一大早阿茂就打电话来吵醒我,睡眼惺忪,大略听到几个关键字:“我…可能…COVID。”然后就把睡意都赶走了,因为我才刚见过他不久。

我弹起来,问明细节,原来不是他患病,是他和确诊病人有接触,他已第一时间去检测了。这下我就不便出门上班了,心里暗暗怪责阿茂,怎能那么粗心大意。

作为一个负责任的老板和市民,我通知同事这状况,暂不去上班。翌日阿茂的检测结果出来了,没事,我高高兴兴地告诉同事,准备去上班。不料同事传来简讯:“你真的要来吗?不如你在家工作多几天啦!”我明白他们的担忧,有些同事家有小孩,但我仍感泄气,心里更恼阿茂。

过了几天我再通知大家要去上班,这次是集体已读不回,潜台词很明显。哎哟喂,我没病没痛没发烧,不管去购物中心还是餐厅,每家店都会欢迎我去消费哪!我自己的公司居然拒绝我?我还是去上班了,当然全程戴口罩保持距离,我还是老觉得大家都刻意避开我,相信不是心理作用。



我人生中首次感受被歧视,啊这都是阿茂的错!如果他小心一点……可是如果我真这样想,算不算也在歧视阿茂?

1980年代艾滋病在美国开始蔓延。早在30年代病毒已在刚果肆虐,传到了美国才引起世界关注。当时大家对艾滋病的认知有限,把病毒和瘾君子、同性恋者画上等号。有谁患病,一定是因为他生活不检点,与人无尤。

现在大家都明白了, 病毒传播的途径很多,丈夫传给妻子、输血误传病毒、母亲传给婴孩,我们也知道日常社交不会传染病毒,然而对病患的歧视和污名化至今也未全面消除。
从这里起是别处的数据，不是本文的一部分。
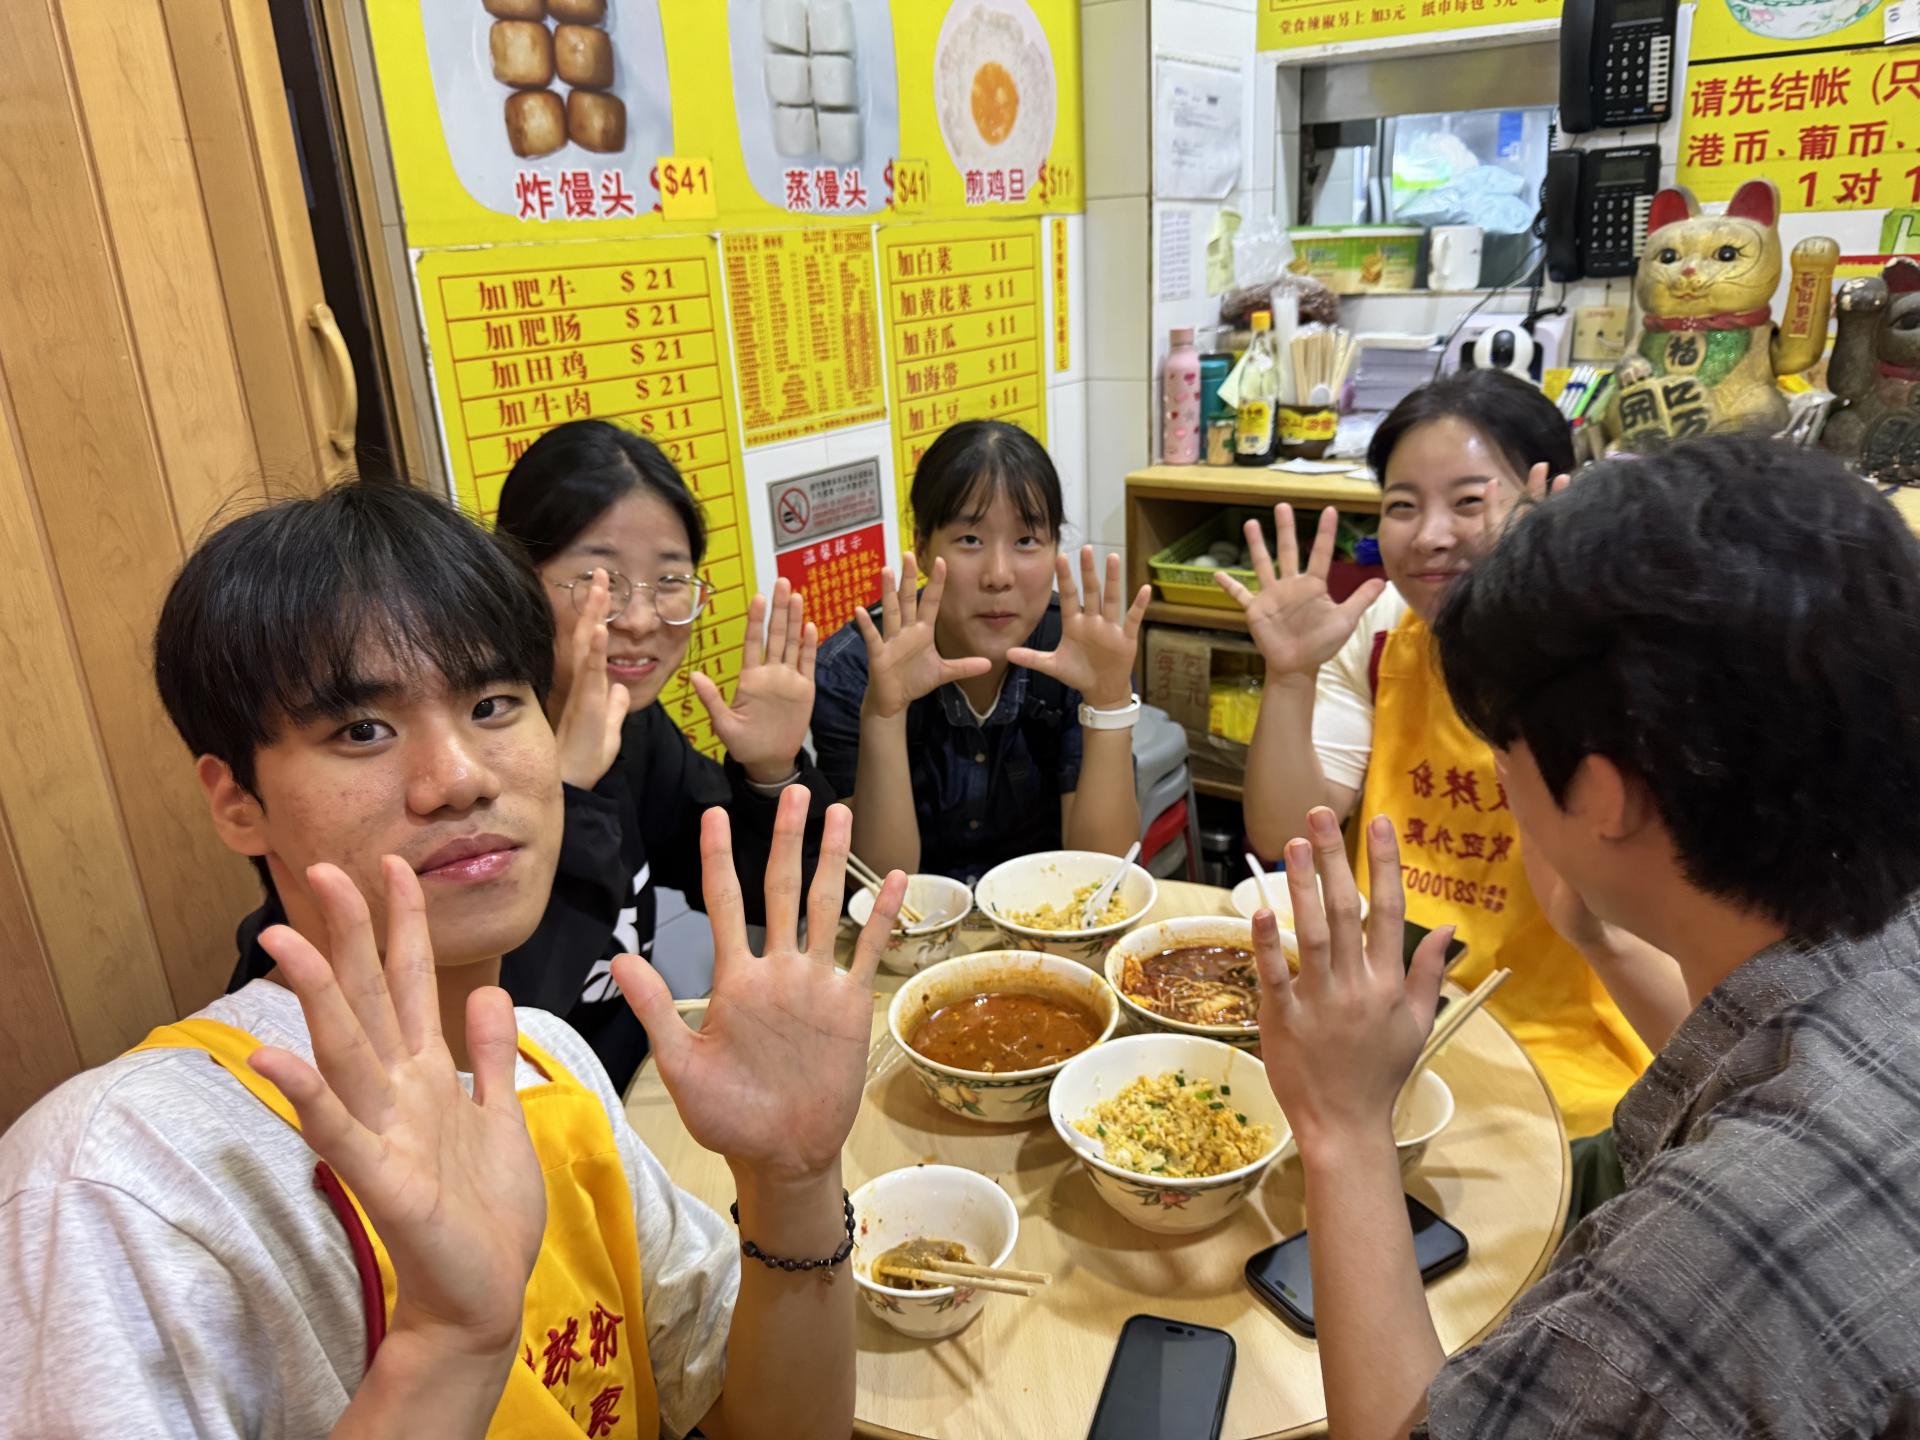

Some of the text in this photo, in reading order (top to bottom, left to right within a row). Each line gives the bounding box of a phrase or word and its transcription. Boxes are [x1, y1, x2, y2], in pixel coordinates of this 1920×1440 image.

[1687, 121, 1920, 168] 港币、葡币、
[516, 171, 634, 219] 炸馒头
[664, 164, 708, 196] $41
[785, 170, 866, 209] 蒸馒头
[899, 168, 927, 203] $41
[966, 168, 1025, 203] 煎鸡旦
[898, 242, 1006, 276] 加白菜 11
[479, 275, 576, 311] 加肥牛
[901, 283, 972, 317] 加黄花菜
[486, 313, 581, 351] 加肥肠
[904, 323, 956, 355] 加青瓜
[492, 351, 588, 389] 加田鸡
[906, 362, 957, 394] 加海带
[499, 388, 592, 427] 加牛肉
[909, 399, 959, 431] 加土豆
[802, 536, 862, 566] 温馨提示
[522, 1301, 623, 1388] 辣粉
这样的歧视多少出于恐惧和自保,都是本能,也难怪。我同事不是真歧视我,只想确保家人健康。要抗衡歧视,只有凭自觉和理智。比如说,如果我的同事能理智想想,老板根本没接触过确诊病人;如果我能理智想想,阿茂怎知道工作地点有人确诊呢?而且阿茂没有粗心大意,他至少做到戴口罩。
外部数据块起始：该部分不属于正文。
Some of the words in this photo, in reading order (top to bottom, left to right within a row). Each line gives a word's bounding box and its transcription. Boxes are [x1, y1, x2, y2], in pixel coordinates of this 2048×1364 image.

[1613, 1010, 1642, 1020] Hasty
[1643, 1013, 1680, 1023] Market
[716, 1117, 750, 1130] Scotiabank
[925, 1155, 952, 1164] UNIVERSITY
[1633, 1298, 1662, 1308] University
我这样的无病例子尚且引来自己人歧视,真正确诊后康复的病患又会如何?沙巴的哈蒂妮.阿兹米在康复后分享自己如何面对社群中异样的眼光,仿佛患病是她的错似的,当然不是。我打电话问一位康复的朋友有没有类似经验,她说没有,身边的人都对她十分关怀,幸好社会中不乏理智善良的人。

我是不是一个理智、善良的人呢?我在考虑催阿茂早点还钱,还有今年扣掉同事的花红。